(THE DATA Opens)
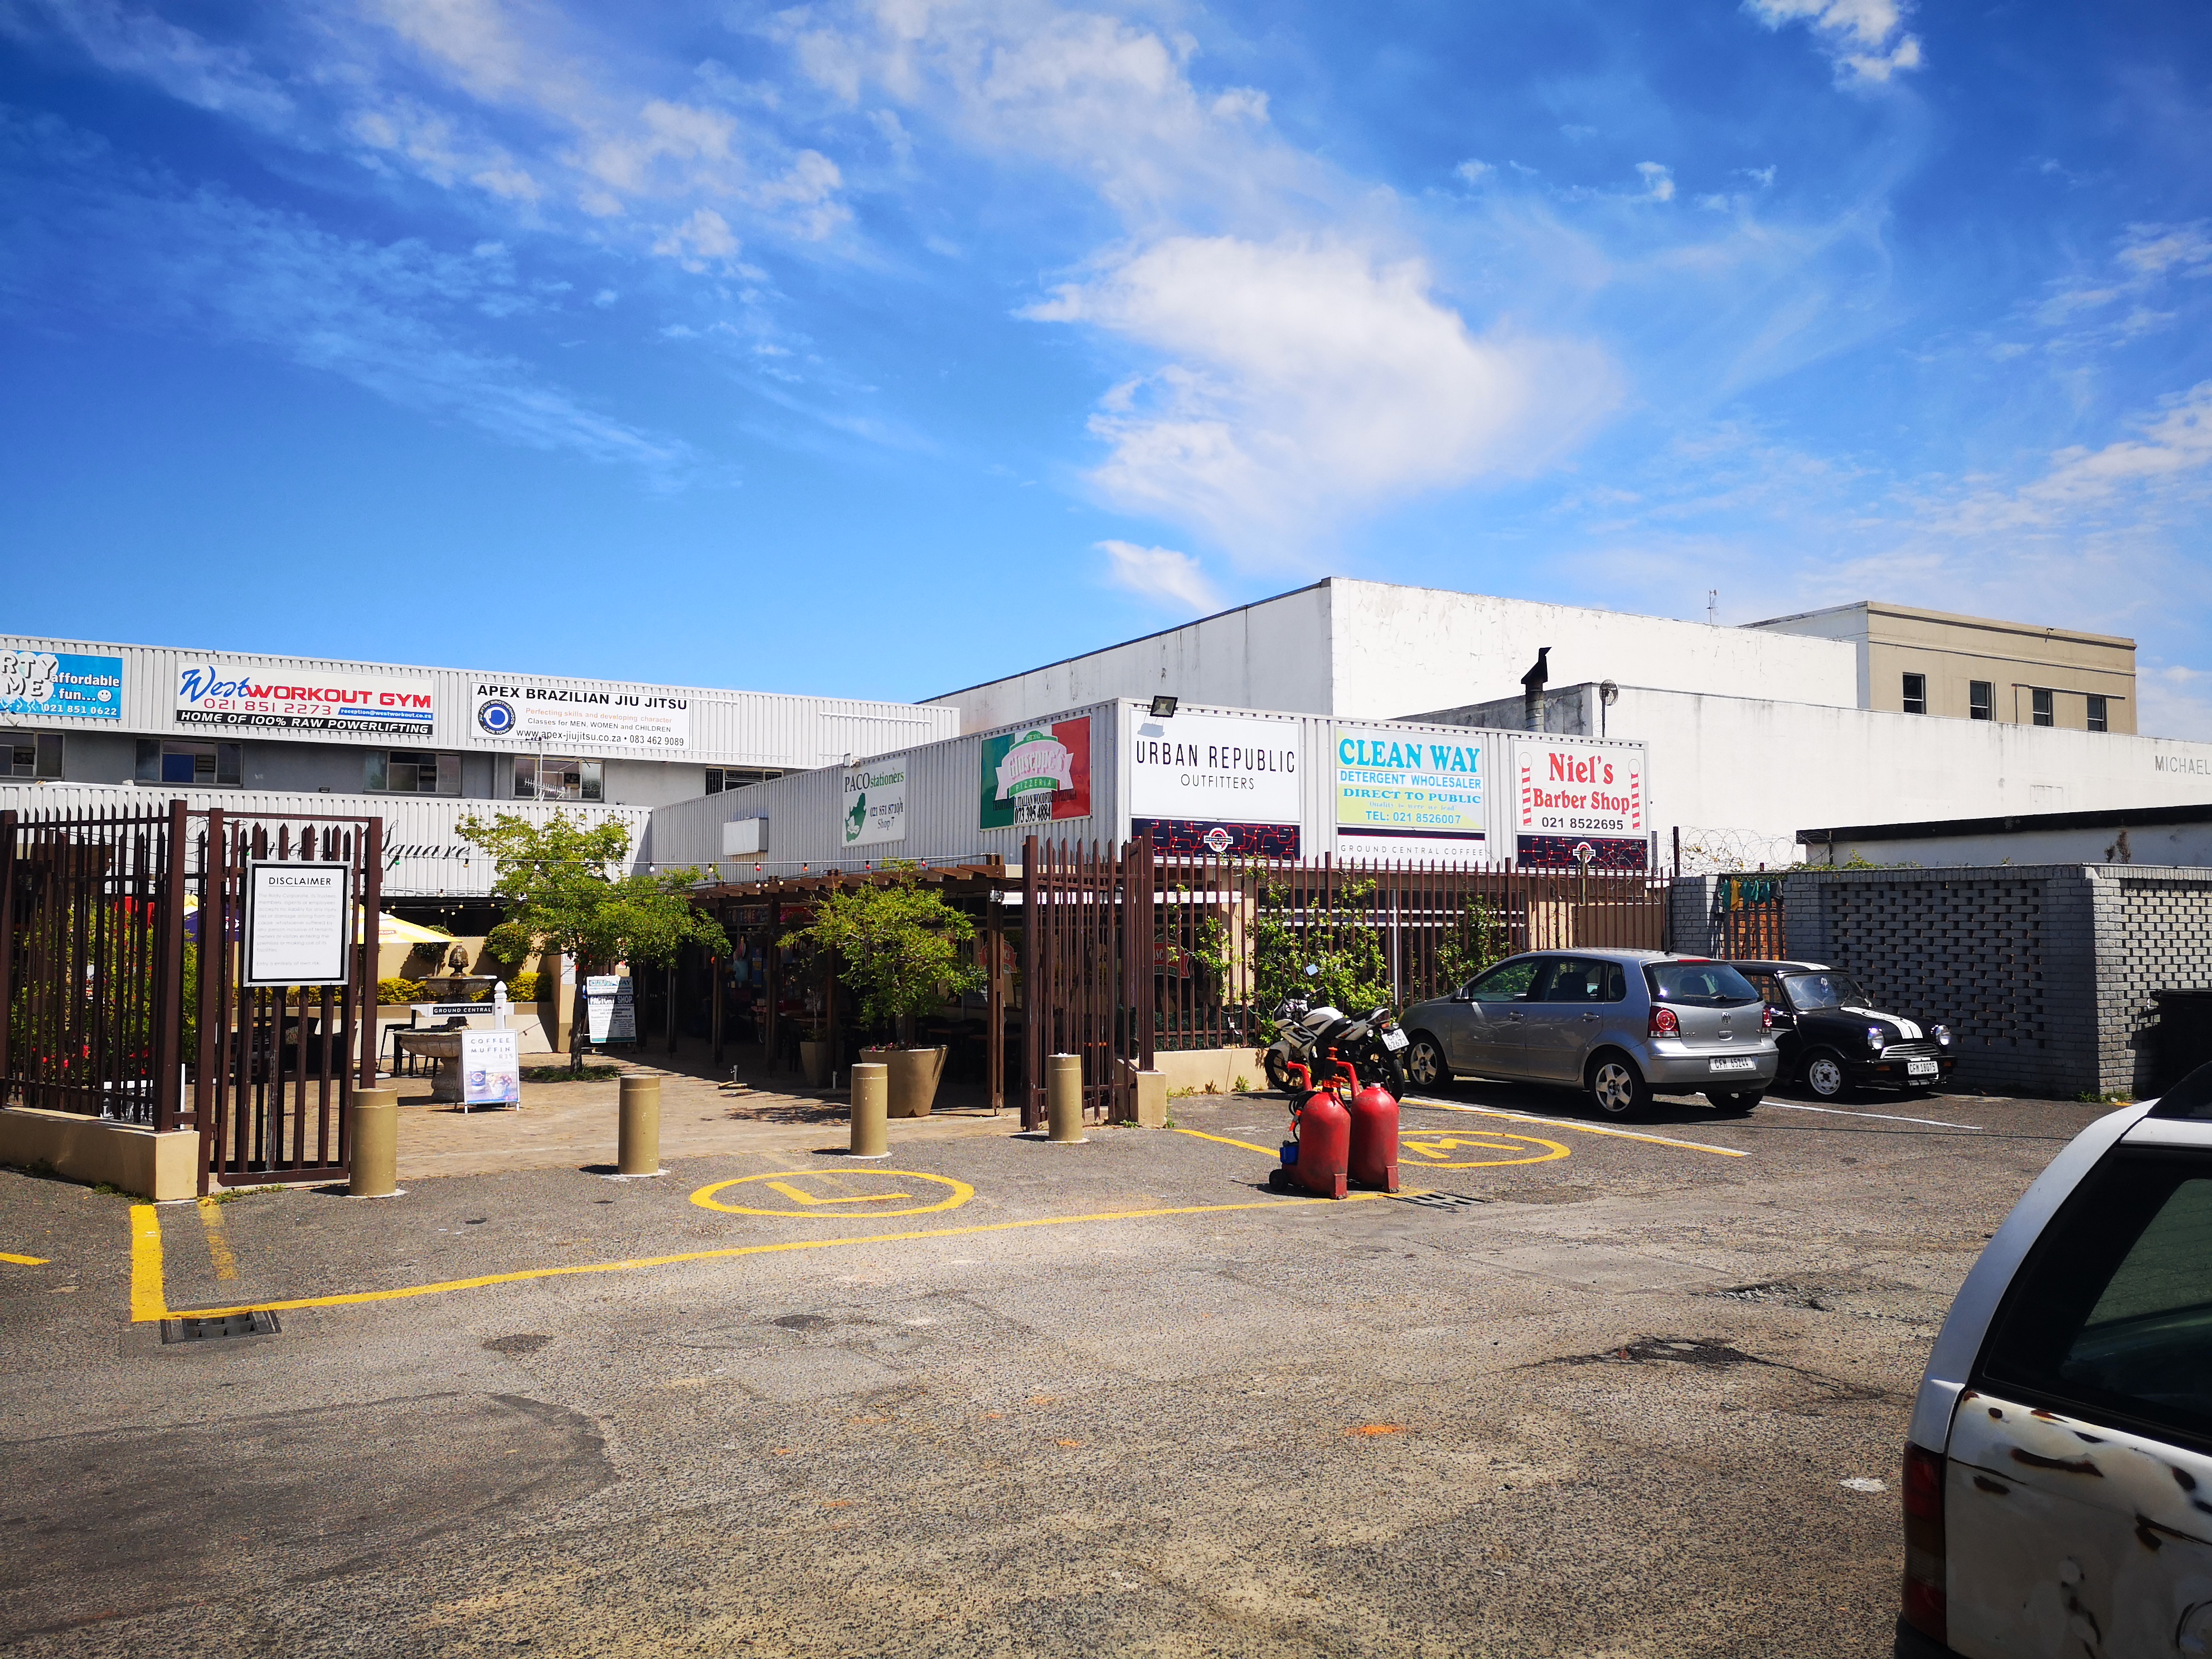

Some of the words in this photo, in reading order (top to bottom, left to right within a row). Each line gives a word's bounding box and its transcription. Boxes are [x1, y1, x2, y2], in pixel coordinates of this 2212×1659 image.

[51, 672, 120, 687] affordable
[59, 688, 96, 701] fun...
[380, 692, 431, 709] GYM
[477, 685, 521, 698] APEX
[526, 688, 609, 705] BRAZILIAN
[614, 695, 639, 706] JIU
[644, 697, 687, 710] JITSU
[43, 704, 64, 712] 021
[67, 706, 86, 714] 851
[90, 706, 117, 715] 0622
[204, 698, 235, 710] 021
[245, 701, 275, 712] 851
[284, 703, 331, 715] 2273
[341, 709, 431, 719] reception@westworkout.co.za
[526, 708, 562, 717] Perfecting
[600, 713, 638, 722] developing
[181, 712, 222, 722] HOME
[227, 715, 247, 724] OF
[251, 716, 287, 726] 100%
[291, 718, 324, 727] RAW
[327, 720, 429, 734] POWERLIFTING
[630, 735, 644, 744] 083
[647, 736, 662, 745] 462
[664, 737, 684, 746] 9089
[1137, 741, 1197, 767] URBAN
[1209, 745, 1294, 773] REPUBLIC
[1339, 738, 1422, 769] CLEAN
[1429, 745, 1480, 773] WAY
[1549, 753, 1614, 784] Niel's
[2155, 755, 2211, 775] MICHAEL
[1015, 779, 1051, 792] PIZZERIA
[1181, 774, 1254, 790] OUTFITTERS
[1340, 770, 1406, 784] DETERGENT
[1411, 775, 1481, 789] WHOLESALER
[1343, 788, 1400, 799] DIRECT
[1405, 792, 1424, 801] TO
[1428, 793, 1481, 804] PUBLIC
[1533, 788, 1587, 808] Barber
[1590, 791, 1629, 814] Shop
[1015, 807, 1024, 824] 073
[1366, 811, 1389, 821] TEL:
[1393, 812, 1411, 822] 021
[1416, 813, 1461, 824] 8526007
[877, 819, 891, 831] Shop
[891, 817, 895, 827] 7
[1541, 817, 1564, 828] 021
[1570, 818, 1623, 830] 8522695
[1341, 845, 1387, 853] GROUND
[1392, 846, 1439, 855] CENTRAL
[1444, 847, 1483, 856] COFFEE
[269, 877, 331, 885] DISCLAIMER
[617, 995, 633, 1003] SHOP
[1714, 1058, 1728, 1069] CFM
[1909, 1064, 1920, 1073] CFM
(THE DATA Closes)
BRIEF:
Repeat the material verbatim. Do not carry over any picture.

SOLUTION FOR THIS EXERCISE:
Some of the words in this photo, in reading order (top to bottom, left to right within a row). Each line gives a word's bounding box and its transcription. Boxes are [x1, y1, x2, y2], in pixel coordinates of this 2212×1659 image.

[51, 672, 120, 687] affordable
[59, 688, 96, 701] fun...
[380, 692, 431, 709] GYM
[477, 685, 521, 698] APEX
[526, 688, 609, 705] BRAZILIAN
[614, 695, 639, 706] JIU
[644, 697, 687, 710] JITSU
[43, 704, 64, 712] 021
[67, 706, 86, 714] 851
[90, 706, 117, 715] 0622
[204, 698, 235, 710] 021
[245, 701, 275, 712] 851
[284, 703, 331, 715] 2273
[341, 709, 431, 719] reception@westworkout.co.za
[526, 708, 562, 717] Perfecting
[600, 713, 638, 722] developing
[181, 712, 222, 722] HOME
[227, 715, 247, 724] OF
[251, 716, 287, 726] 100%
[291, 718, 324, 727] RAW
[327, 720, 429, 734] POWERLIFTING
[630, 735, 644, 744] 083
[647, 736, 662, 745] 462
[664, 737, 684, 746] 9089
[1137, 741, 1197, 767] URBAN
[1209, 745, 1294, 773] REPUBLIC
[1339, 738, 1422, 769] CLEAN
[1429, 745, 1480, 773] WAY
[1549, 753, 1614, 784] Niel's
[2155, 755, 2211, 775] MICHAEL
[1015, 779, 1051, 792] PIZZERIA
[1181, 774, 1254, 790] OUTFITTERS
[1340, 770, 1406, 784] DETERGENT
[1411, 775, 1481, 789] WHOLESALER
[1343, 788, 1400, 799] DIRECT
[1405, 792, 1424, 801] TO
[1428, 793, 1481, 804] PUBLIC
[1533, 788, 1587, 808] Barber
[1590, 791, 1629, 814] Shop
[1015, 807, 1024, 824] 073
[1366, 811, 1389, 821] TEL:
[1393, 812, 1411, 822] 021
[1416, 813, 1461, 824] 8526007
[877, 819, 891, 831] Shop
[891, 817, 895, 827] 7
[1541, 817, 1564, 828] 021
[1570, 818, 1623, 830] 8522695
[1341, 845, 1387, 853] GROUND
[1392, 846, 1439, 855] CENTRAL
[1444, 847, 1483, 856] COFFEE
[269, 877, 331, 885] DISCLAIMER
[617, 995, 633, 1003] SHOP
[1714, 1058, 1728, 1069] CFM
[1909, 1064, 1920, 1073] CFM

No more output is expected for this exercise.